Residential plot sold on 20 dec 15, registry pending due to high court stay, invested whole amount in July 16 in capital gain fd in pnb. By how much date I can purchase a flat to save capital gain tax?  It should be ready to move or under construction? It will be my second property.
Asked 6 years ago in Capital Gains Tax

As the property sold is a plot, you will be entitled to exemption u/s 54F only for the investment in new residential house, provided you don't own any other residential house.As you are already having another residential house, you will not be able to claim exemption u/s 54F. The only scope for you is to invest the amount of Long Term Capital Gains (LTCG) in capital gains bonds u/s 54EC and units u/s 54EE to the extent of Rs 50 Lakhs each.

As there is stay in the high court for the registration, you cannot transfer the title in the property to the buyer, as the high court may not allow the registration in its final verdict. Hence, your LTCG will be assessable, prima facie, only in the year in which the stay is lifted and the registration is allowed to be done, even if you have received full amount of consideration and handed over the possession. However, the nature of your court case and stay are important to ascertain the facts of your case for the determination of the date of transfer.

B Vijaya Kumar
CA, Hyderabad
1002 Answers
124 Consultations

5.0 on 5.0

What are the reasons for staying the registration of plots in a whole colony? If the dispute affects your eligibility to hold the plot itself, then you cannot pass on any title to the buyer. What if the High Court decides the case against you? The facts of the case need to be determined with reference to your eligibility to hold valid legal and transferable title. If you are not able to transfer the legal title, then the whole sale transaction will fail.

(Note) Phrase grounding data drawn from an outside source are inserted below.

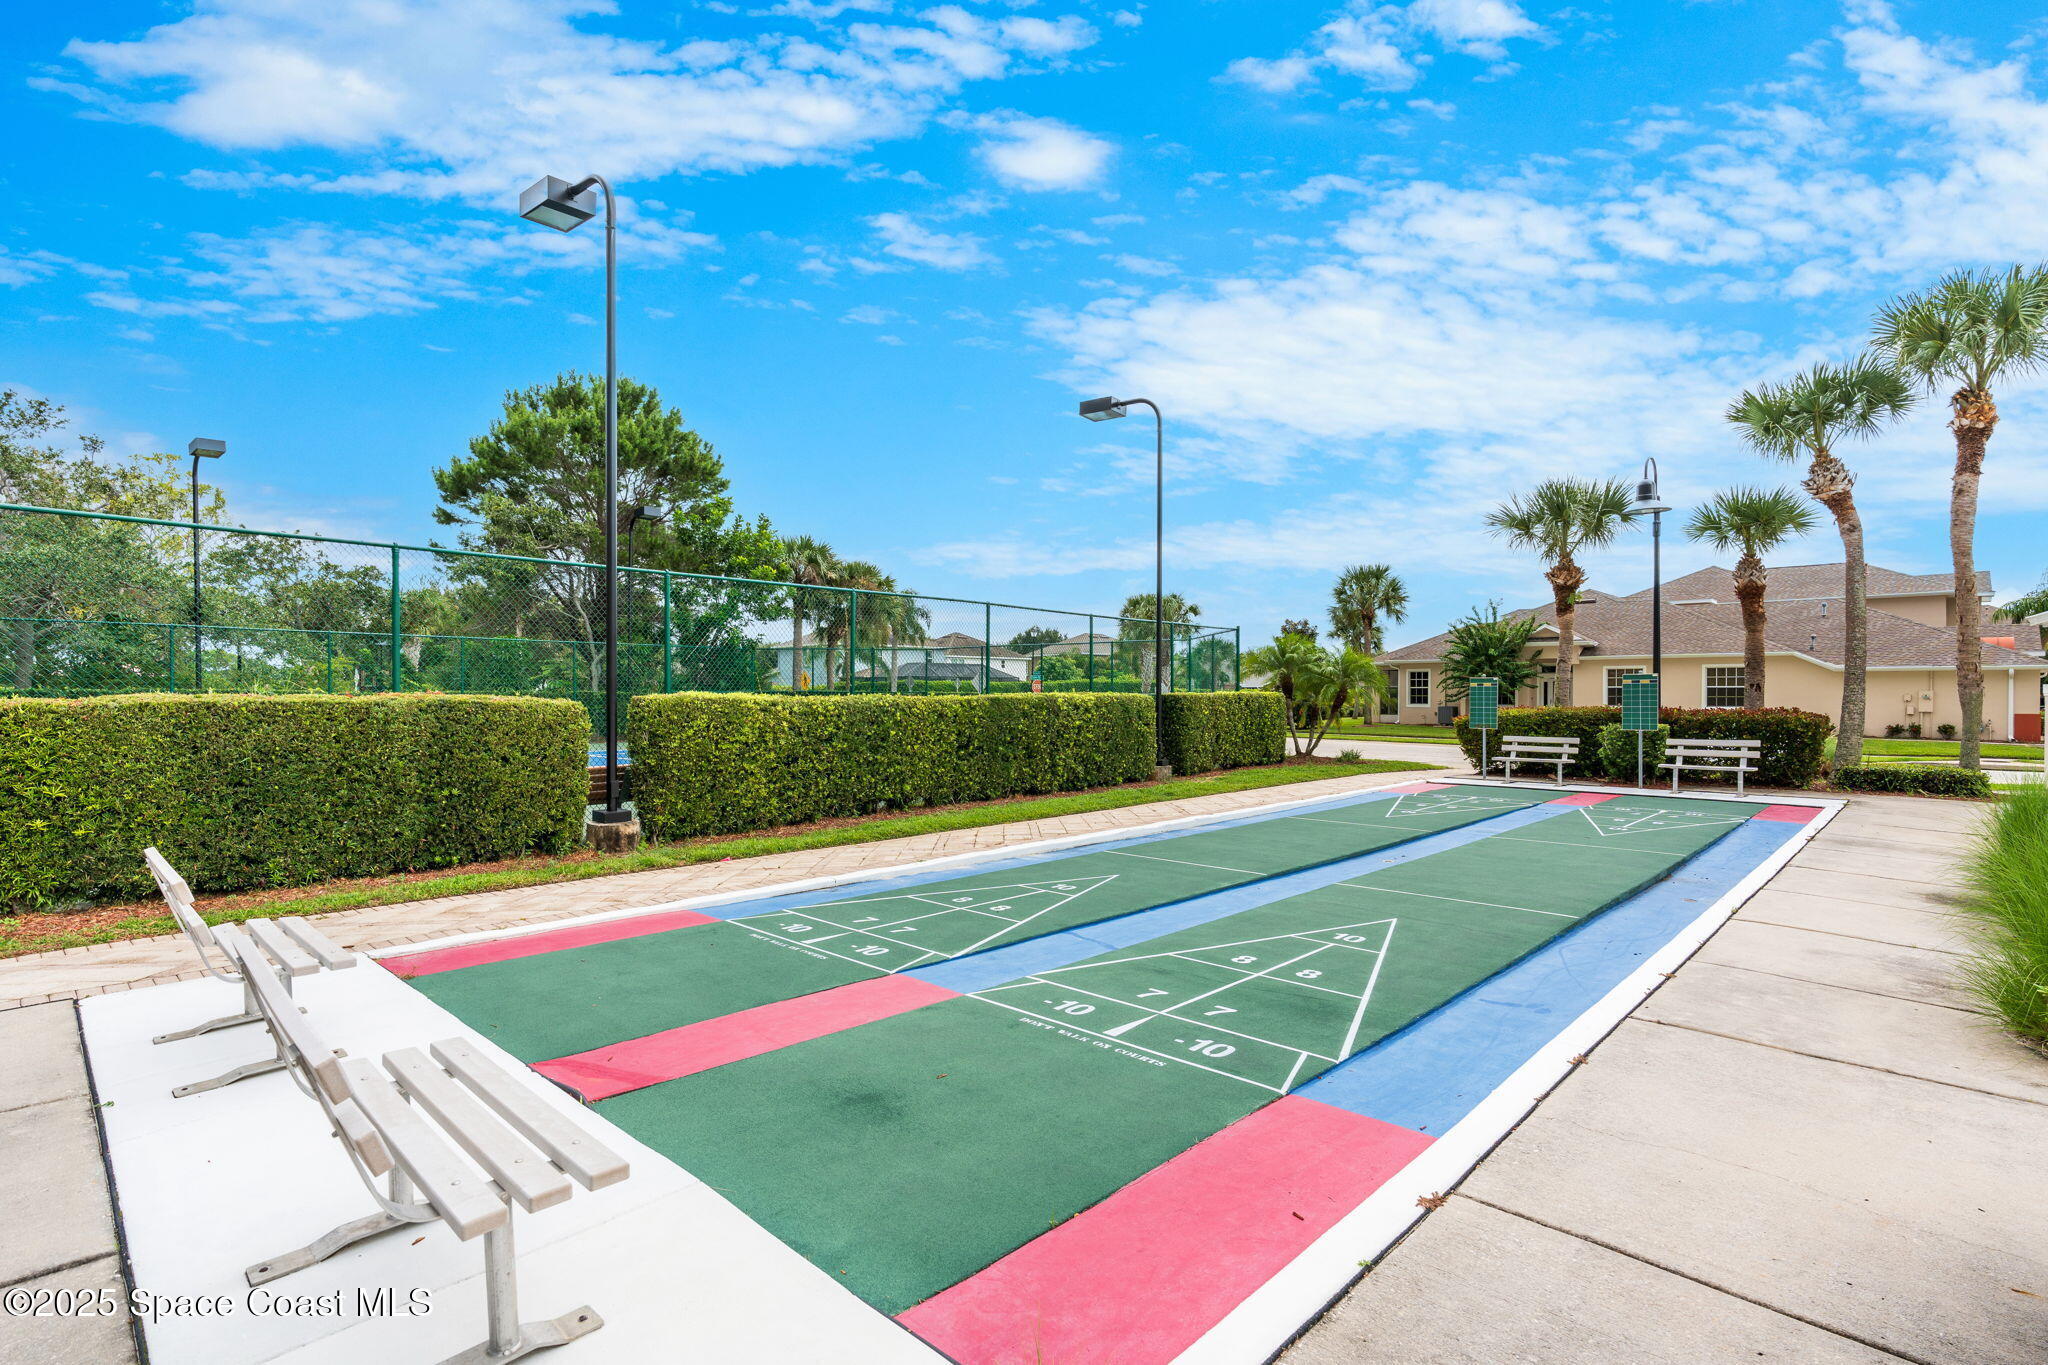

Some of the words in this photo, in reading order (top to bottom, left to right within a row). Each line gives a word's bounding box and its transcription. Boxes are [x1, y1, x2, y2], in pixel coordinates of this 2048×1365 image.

[1051, 883, 1077, 891] 10
[779, 923, 813, 933] -10
[1332, 933, 1367, 943] 10
[851, 945, 890, 956] -10
[1231, 955, 1258, 964] 8
[1295, 969, 1322, 979] 8
[1136, 988, 1169, 998] 7
[1043, 1000, 1096, 1015] -10
[1203, 1005, 1238, 1016] 7
[1058, 1029, 1090, 1042] WALK
[1092, 1040, 1112, 1049] ON
[1114, 1048, 1168, 1067] COURTS
[1174, 1038, 1236, 1058] -10

Only when the transfer is complete, the LTCG can be determined and accordingly the exemption can be claimed by investing your LTCG in the capital gains bonds u/s 54EC /eligible units u/s 54EE, with a lock in period of 3 years.

B Vijaya Kumar
CA, Hyderabad
1002 Answers
124 Consultations

5.0 on 5.0

Assuming that you have a valid title that can be passed on to your buyer, the transfer takes place only upon registration of the sale deed. However, as you have already received the sale consideration and the possession is also handed over to the buyer, you can still execute a sale deed and register it as and when it can be done, by referring to the stay and passing on the burden of proof of title to the buyer, in consultation with a lawyer. In such a case, the beneficial ownership of the property is irrevocably passed on to the buyer, though the sale deed is not registered. The LTCG then arises and you can invest the LTCG in capital gains bonds u/s 54EC/eligible units u/s 54EE with a lock in period of 3 years.

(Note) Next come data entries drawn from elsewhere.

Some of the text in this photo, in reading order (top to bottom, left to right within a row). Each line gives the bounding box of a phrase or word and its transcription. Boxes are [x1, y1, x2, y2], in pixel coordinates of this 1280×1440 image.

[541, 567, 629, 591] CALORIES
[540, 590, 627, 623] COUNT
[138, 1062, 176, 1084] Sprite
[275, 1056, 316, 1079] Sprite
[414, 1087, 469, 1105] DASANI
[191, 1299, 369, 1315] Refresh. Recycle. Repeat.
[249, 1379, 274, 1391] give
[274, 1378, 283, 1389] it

The actual tax liability and exemptions can be worked out on perusal of the documents executed / being executed.

B Vijaya Kumar
CA, Hyderabad
1002 Answers
124 Consultations

5.0 on 5.0

Hello,

The transaction has to be squared off within 2 years from the date of sale in case it is a already constructed property. Incase it is under construction, then you have 3 years from the date of sale.

Trust this clarifies your query.

Feel free to call / get back in case of further clarifications.

Thanking You.

Regards,

Rohit R Sharma

BCOM, FCA, LLB, CERT. FAFP

Rohit R Sharma
CA, Mumbai
2104 Answers
95 Consultations

5.0 on 5.0

Hi,

The time limit for investing in another residential house property is two years from the date of sale in case of ready property and three years in case of underconstruction property.

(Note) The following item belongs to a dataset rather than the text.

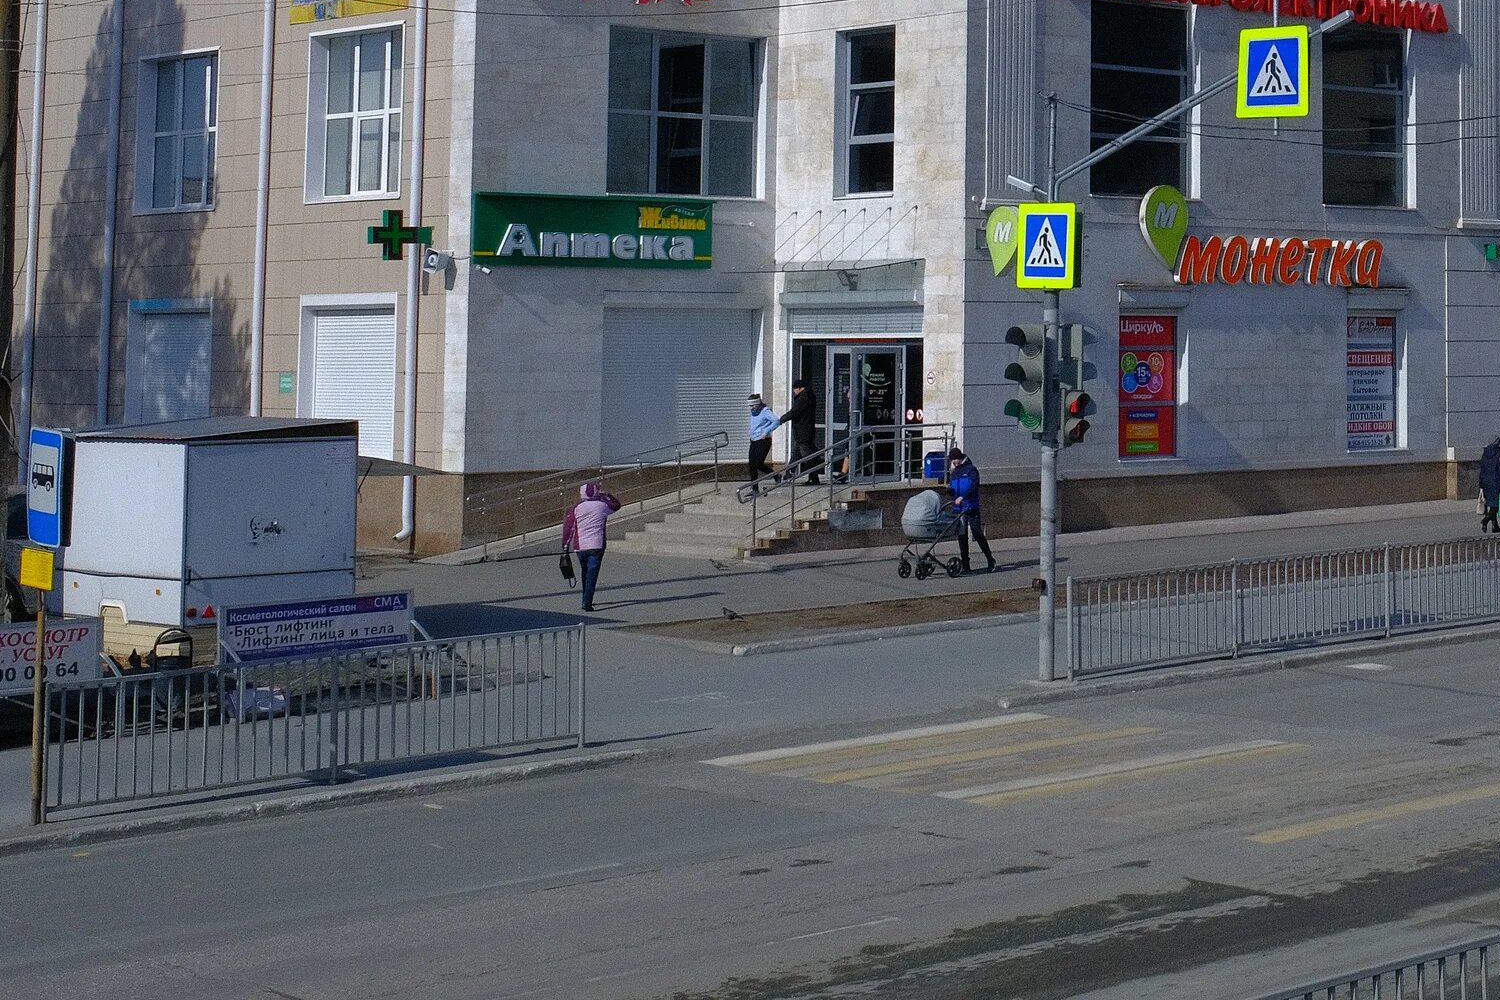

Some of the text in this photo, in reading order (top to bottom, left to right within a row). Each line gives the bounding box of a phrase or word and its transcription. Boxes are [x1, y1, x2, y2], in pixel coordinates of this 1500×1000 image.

Please feel free to call/ revert in case you need more clarity.

Thanks and regards

Abhishek Dugar

CA CS B.Com

Abhishek Dugar
CA, Mumbai
3576 Answers
183 Consultations

4.8 on 5.0

Hi

It is very important to know the following before deciding the time limit for investment-

1. Had you received full payment in Dec 15?

2. Had you transferred the possession of the property to the buyer?

Please let me know the above for correct and apt answers.

Lakshita Bhandari
CA, Mumbai
5687 Answers
910 Consultations

5.0 on 5.0

In that case, your period of 2 years for purchase of new property to claim exemption was till Dec 17 only.

However, if you want to construct a new property, then time limit is till Dec 18. You can buy a flat and get considerable construction done in order to claim the exemption OR you can buy an under construction flat whose construction shall be completed before Dec 18.

Lakshita Bhandari
CA, Mumbai
5687 Answers
910 Consultations

5.0 on 5.0

As I mentioned earlier, you can execute a sale deed. Now in the sale deed mention clearly the date of handing over possession and receipt of money in December 2015 and the reasons for non-registration. You can choose the actual date of transfer, the date of handing over possession or the date of registration by clearing indicating your intentions and terms in the sale deed.

B Vijaya Kumar
CA, Hyderabad
1002 Answers
124 Consultations

5.0 on 5.0

Hi,

Since you had received the sale consideration in 2015 and gave possession as well, the Tax Department can allege that the transaction was completed then and you should have purchased a new property within 2 years (in case of fully constructed property) or 3 years (in case of under constructed property).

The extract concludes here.